A health system is fallible and slow to adapt to new information, however, as it currently stands, this slow and fallible health system is the only reliable means of turning the gargantuan amount of available medical research into actions that can be implemented to improve an individual’s health. Side note: Although this could be set to change as artificial intelligence continues to progresses, but that’s a blog post for another day.
With this in mind, trust in a healthcare professional and their recommendation can be seen as being nested within a trust judgment made in regards to the healthcare system in its entirety. This nesting may even extend wider to the government, scientific institutes and business that supply and inform the healthcare system.
Trust in vaccination
All of the above theory brought us to develop the below visualisation of trust in vaccination.
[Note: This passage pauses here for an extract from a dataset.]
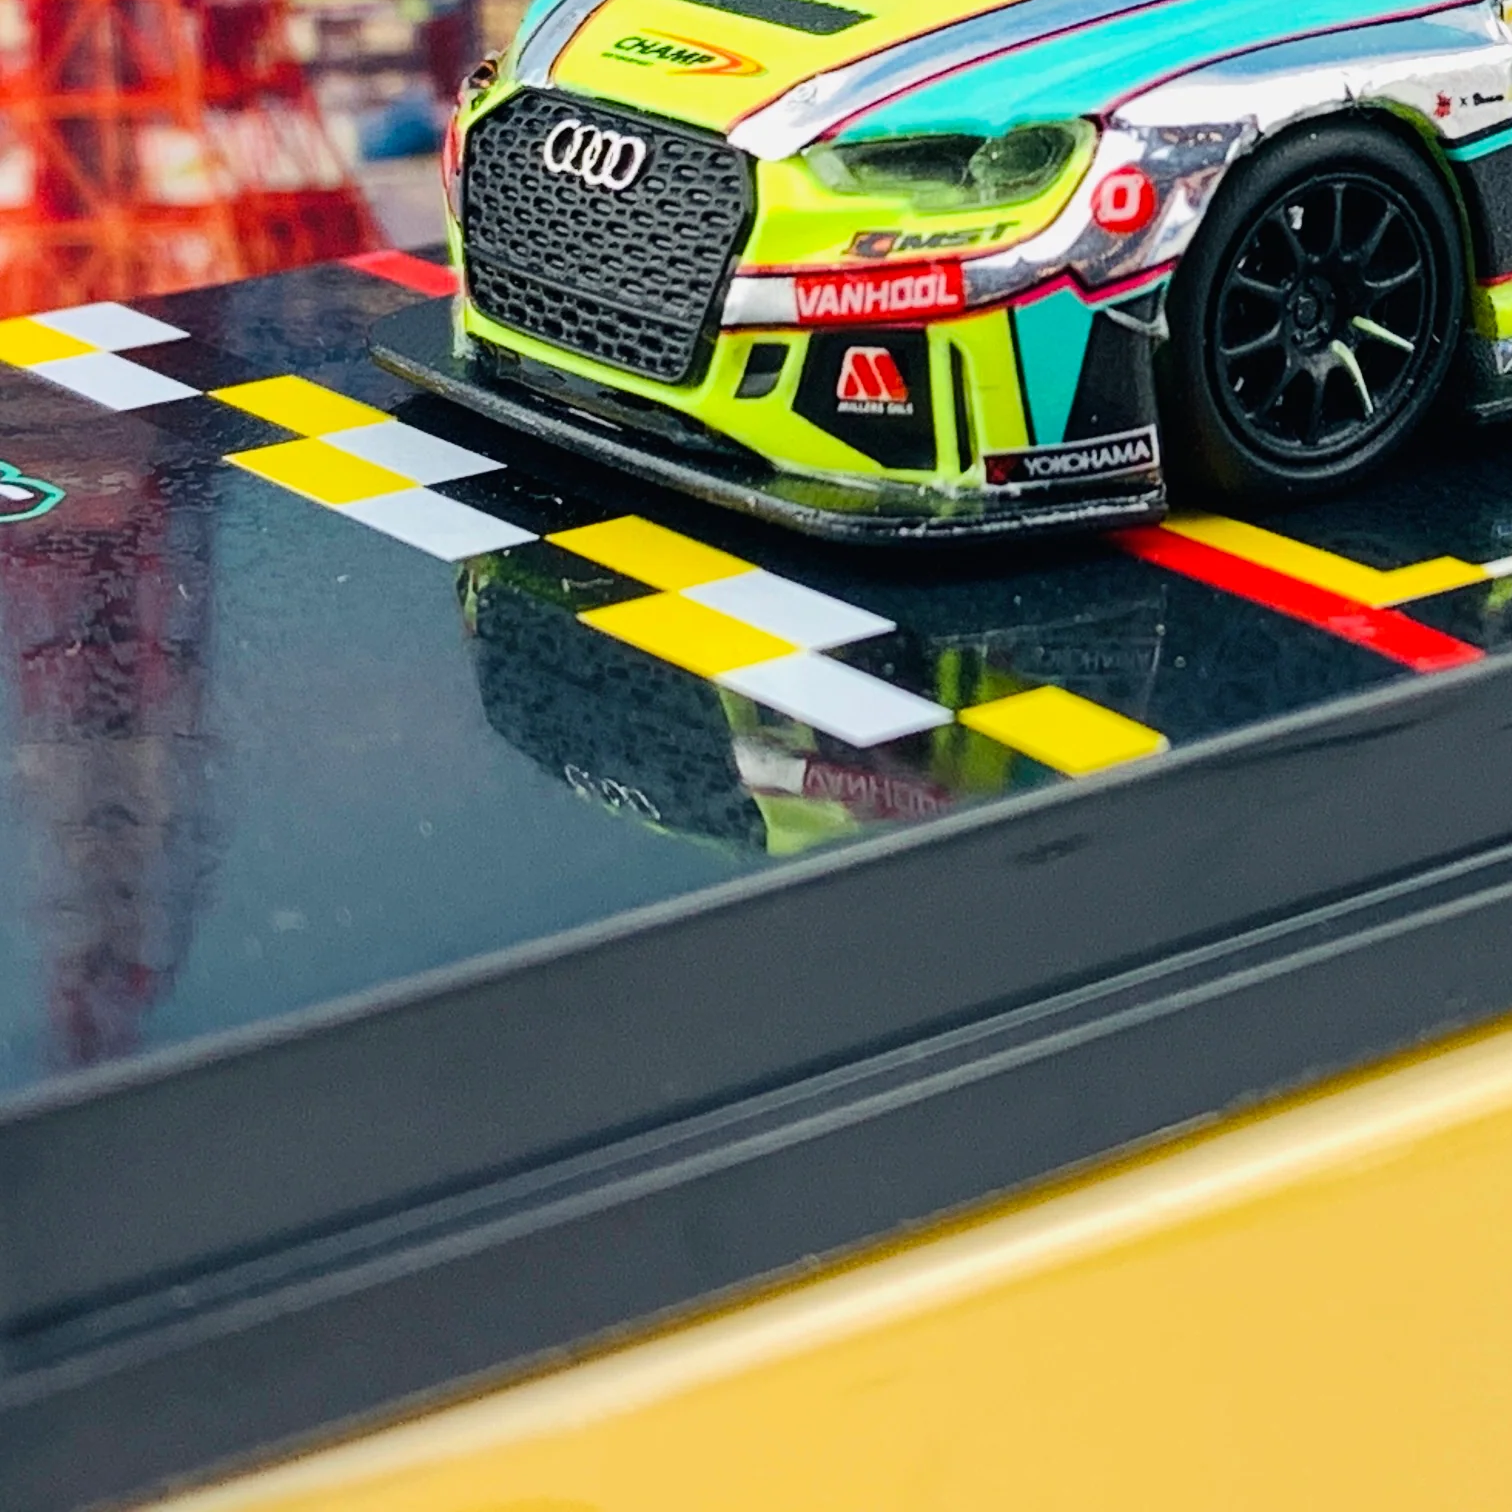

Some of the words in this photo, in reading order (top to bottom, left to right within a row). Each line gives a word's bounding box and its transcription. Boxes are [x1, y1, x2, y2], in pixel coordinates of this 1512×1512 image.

Here we suggest that the public make three separate but highly interrelated trust judgements. Each of which involve a performance and a values component.
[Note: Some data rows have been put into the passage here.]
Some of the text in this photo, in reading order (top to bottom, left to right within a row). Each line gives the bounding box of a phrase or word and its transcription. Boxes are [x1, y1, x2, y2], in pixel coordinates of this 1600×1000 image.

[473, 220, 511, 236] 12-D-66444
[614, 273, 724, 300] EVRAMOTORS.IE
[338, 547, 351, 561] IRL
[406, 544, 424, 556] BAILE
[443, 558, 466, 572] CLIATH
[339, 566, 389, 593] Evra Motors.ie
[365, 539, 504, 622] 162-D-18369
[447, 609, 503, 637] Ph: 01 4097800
Trust in the healthcare professional that is offering the vaccination
Trust in the health care system as a whole
Trust the science and manufacturing of the product of vaccination itself

Acting on this trust are three external drivers of trust:
Generalised trust:- The willingness to trust other members of society in general (rather than in healthcare specifically). Often measured with the question “do you believe that most people can be trusted?” Part of the concept of social capital for any sociologists out there. The book Bowling Alone covers this topic really well.
Historical influences on trust:- Both perception of performance and shared values are reliant on experience, this means that time is involved. In some cases, perceptions can be passed from generations to generations. The Tuskegee syphilis experiments (and other such atrocities) cast long shadow on trust in the healthcare system 13. For some populations it is sadly all to logical and rational to distrust anything the health system has to offer based on past treatment.
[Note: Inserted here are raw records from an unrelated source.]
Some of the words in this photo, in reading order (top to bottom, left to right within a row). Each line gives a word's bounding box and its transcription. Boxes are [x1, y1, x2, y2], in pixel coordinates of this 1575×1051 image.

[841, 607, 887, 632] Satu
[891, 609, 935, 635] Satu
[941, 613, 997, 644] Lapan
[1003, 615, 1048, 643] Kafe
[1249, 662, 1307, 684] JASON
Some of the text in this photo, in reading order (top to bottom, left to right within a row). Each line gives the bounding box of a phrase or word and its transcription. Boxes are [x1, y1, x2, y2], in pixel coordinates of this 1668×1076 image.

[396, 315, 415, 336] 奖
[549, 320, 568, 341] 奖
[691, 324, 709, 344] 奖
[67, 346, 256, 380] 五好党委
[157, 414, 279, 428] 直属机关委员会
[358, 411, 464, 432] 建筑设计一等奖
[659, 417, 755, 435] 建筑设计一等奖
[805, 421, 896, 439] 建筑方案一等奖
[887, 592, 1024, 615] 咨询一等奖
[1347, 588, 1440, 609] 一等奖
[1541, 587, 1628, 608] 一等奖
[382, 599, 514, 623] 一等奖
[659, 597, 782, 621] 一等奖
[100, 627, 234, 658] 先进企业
Out-of-program influences:- All non-official sources of health information that also influence decision making. This can include friend and family members, and non-official medical advice from religious organizations, alternative health networks, politicians and celebrities.
We see vaccine-related trust as a complex interaction between the core elements of trust and these external drivers of trust. Trust in vaccination is strengthened when external levers align with the vaccine factors, and weakened when these misalign.
How the anti-vaccination movement and Alfies Army can make us lose faith (trust) in medical science?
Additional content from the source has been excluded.